Given records:
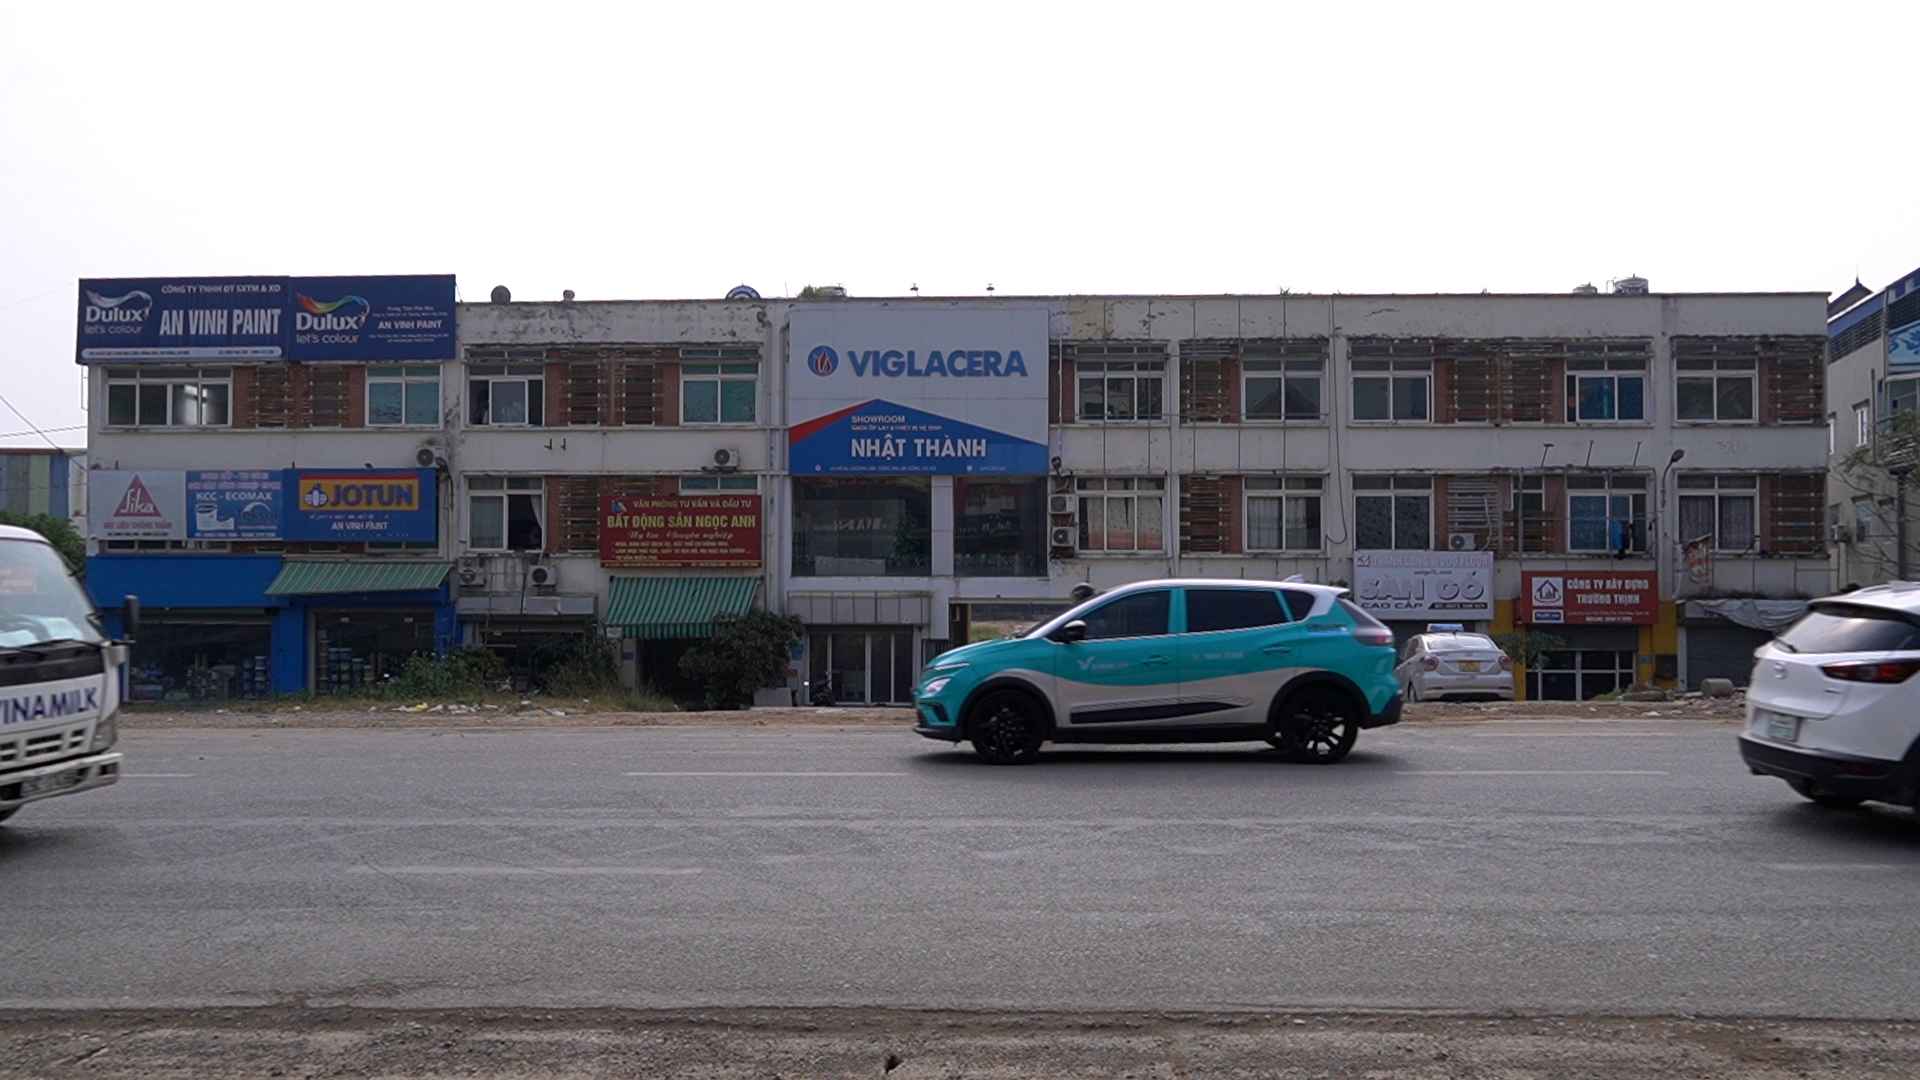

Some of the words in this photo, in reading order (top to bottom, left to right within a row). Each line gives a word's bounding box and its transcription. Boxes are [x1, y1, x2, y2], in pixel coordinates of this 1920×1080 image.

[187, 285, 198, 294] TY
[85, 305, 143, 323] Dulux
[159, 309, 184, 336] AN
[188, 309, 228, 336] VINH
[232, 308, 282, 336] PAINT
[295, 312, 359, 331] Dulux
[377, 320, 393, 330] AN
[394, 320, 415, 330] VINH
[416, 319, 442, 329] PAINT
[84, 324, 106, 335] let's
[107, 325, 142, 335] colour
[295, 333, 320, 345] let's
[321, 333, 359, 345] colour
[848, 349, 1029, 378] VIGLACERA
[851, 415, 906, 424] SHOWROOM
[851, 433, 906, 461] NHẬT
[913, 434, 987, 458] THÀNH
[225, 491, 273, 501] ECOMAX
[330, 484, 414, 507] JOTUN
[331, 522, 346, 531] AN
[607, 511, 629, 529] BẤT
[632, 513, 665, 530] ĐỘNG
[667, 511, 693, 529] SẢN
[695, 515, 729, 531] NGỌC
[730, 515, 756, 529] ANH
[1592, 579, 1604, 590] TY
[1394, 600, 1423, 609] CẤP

Directions for this task:
Copy every line of the listing above exactly. Leave each picture out.

Answer area:
Some of the words in this photo, in reading order (top to bottom, left to right within a row). Each line gives a word's bounding box and its transcription. Boxes are [x1, y1, x2, y2], in pixel coordinates of this 1920×1080 image.

[187, 285, 198, 294] TY
[85, 305, 143, 323] Dulux
[159, 309, 184, 336] AN
[188, 309, 228, 336] VINH
[232, 308, 282, 336] PAINT
[295, 312, 359, 331] Dulux
[377, 320, 393, 330] AN
[394, 320, 415, 330] VINH
[416, 319, 442, 329] PAINT
[84, 324, 106, 335] let's
[107, 325, 142, 335] colour
[295, 333, 320, 345] let's
[321, 333, 359, 345] colour
[848, 349, 1029, 378] VIGLACERA
[851, 415, 906, 424] SHOWROOM
[851, 433, 906, 461] NHẬT
[913, 434, 987, 458] THÀNH
[225, 491, 273, 501] ECOMAX
[330, 484, 414, 507] JOTUN
[331, 522, 346, 531] AN
[607, 511, 629, 529] BẤT
[632, 513, 665, 530] ĐỘNG
[667, 511, 693, 529] SẢN
[695, 515, 729, 531] NGỌC
[730, 515, 756, 529] ANH
[1592, 579, 1604, 590] TY
[1394, 600, 1423, 609] CẤP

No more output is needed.